Da poco ho iniziato a trovare le parole per esprimere questo concetto, l’essere senza casa del colono; cioè il fatto che i nativi vedono e percepiscono i coloni come stranieri non soltanto perché essi sono fuori posto, ma perché i coloni stessi hanno di sé la medesima percezione.

Pensateci: ovunque un colono vada, qualunque cosa veda, annusi o assaggi, non gli appartiene mai, gli manca sempre quel certo elemento di naturalezza. Non fa parte della loro educazione, non fa parte della loro storia. Non fa parte del loro essere. Non è qualcosa di organico per loro; semmai è una condizione ingegnerizzata, come tutta la loro esistenza.

Qualunque cosa sostenga e nutra il nativo, per il colono diventa una minaccia che ne riflette l’estraneità: il cibo, la musica, il paesaggio, la flora e la fauna, i suoni e gli odori, tutto.

Qualunque cosa venga naturale al nativo richiede invece, dal colono, un grande sforzo: egli non capisce i codici e non li capirà mai. Non può starsene fermo.

Un colono non è un immigrato, un turista o un ospite: a loro differenza è costretto a trovare un significato per il suo soggiorno. Uno scopo più elevato, una chiamata più alta divengono necessari: che cos’altro, altrimenti, potrebbe spiegare la sua presenza lontano dalla casa di origine, nonché i mezzi violenti ai quali deve continuamente ricorrere per mantenerla?

Non siamo progettati per infliggere dolore e lesioni in cambio delle nostre comodità. Abbiamo bisogno di una storia che ci metta sotto una buona luce.

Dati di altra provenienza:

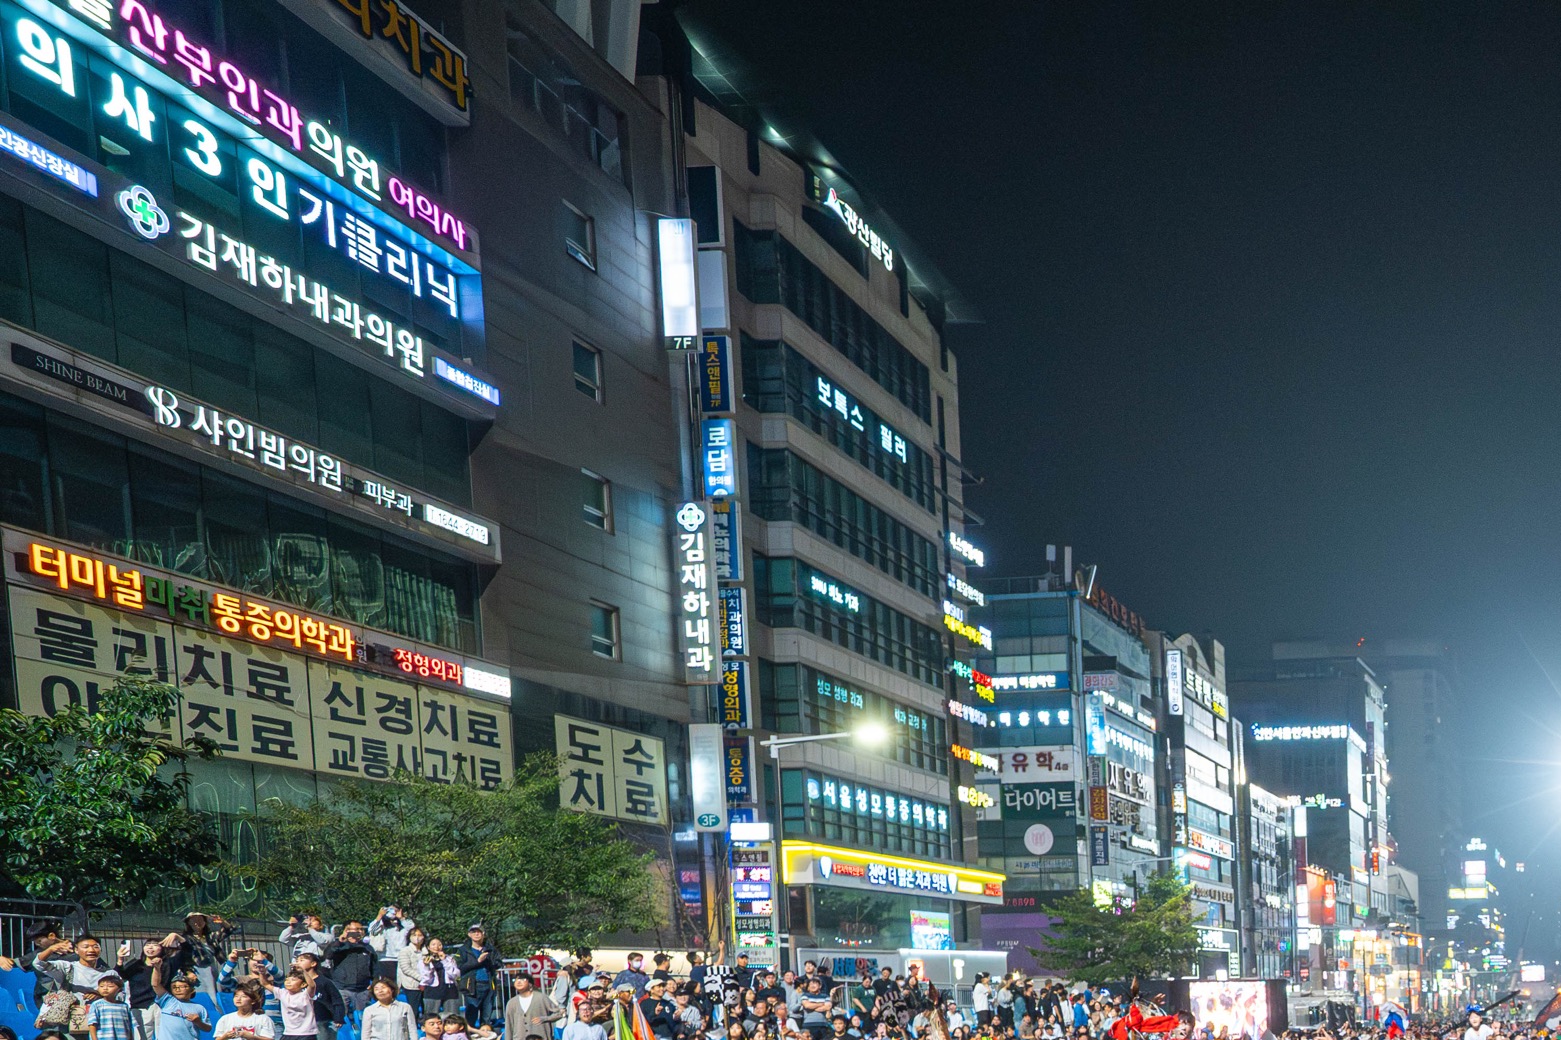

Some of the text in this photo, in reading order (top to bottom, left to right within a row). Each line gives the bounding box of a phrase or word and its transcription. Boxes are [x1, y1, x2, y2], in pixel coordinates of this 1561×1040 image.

[389, 177, 466, 250] 여의사
[177, 211, 424, 377] 김재하내과의원
[674, 338, 692, 349] 7F
[36, 356, 127, 400] SHINE BEAM
[818, 377, 906, 463] 보톡스 필러
[191, 406, 342, 492] 샤인빔의원
[365, 481, 413, 516] 피부과
[708, 427, 728, 472] 로담
[681, 532, 714, 672] 김재하내과
[35, 608, 294, 706] 물리치료
[396, 649, 462, 684] 정형외과
[324, 681, 501, 749] 신경치료
[328, 731, 501, 791] 교통사고치료
[568, 724, 655, 776] 도수
[570, 769, 658, 818] 치료
[702, 815, 716, 826] 3F
[1004, 787, 1075, 811] 다이어트

Ritengo che gran parte dell’ansia del mondo occidentale sia solo la latente e repressa condizione di senzacasa del colono. Perché il colonialismo non è solo prendere la casa di altre persone, è anche, e per sempre, rimanerne chiusi fuori.

Alon Mizrahi

Alon Mizrahi è uno scrittore e pensatore israeliano mizrahì (sefardita), cresciuto a Yokneam, in Galilea. Da bambino e adolescente ha studiato in varie scuole, inclusa una yeshivah, o scuola religiosa tradizionale, a Bnei Brak. Ha svolto molti mestieri e ha studiato lingua e letteratura inglese all’Università di Haifa. Il suo pensiero politico è debitore al trascendentalismo di Emerson, alla poetica di Whitman e alla biografia di Malcolm X. Nel 2020 ha pubblicato per l’editore Locus di Tel Aviv il suo primo saggio, Freedom: A Manifesto (Libertà: un manifesto). Alon gestisce il blog Eastern Oak (https://easternoak.co/).

Il presente testo, tradotto in italiano da Stefano Serafini per gentile concessione dell’Autore, è stato pubblicato in inglese sul suo blog il 10 febbraio 2024 (https://easternoak.co/colonizer-homelessness-1/).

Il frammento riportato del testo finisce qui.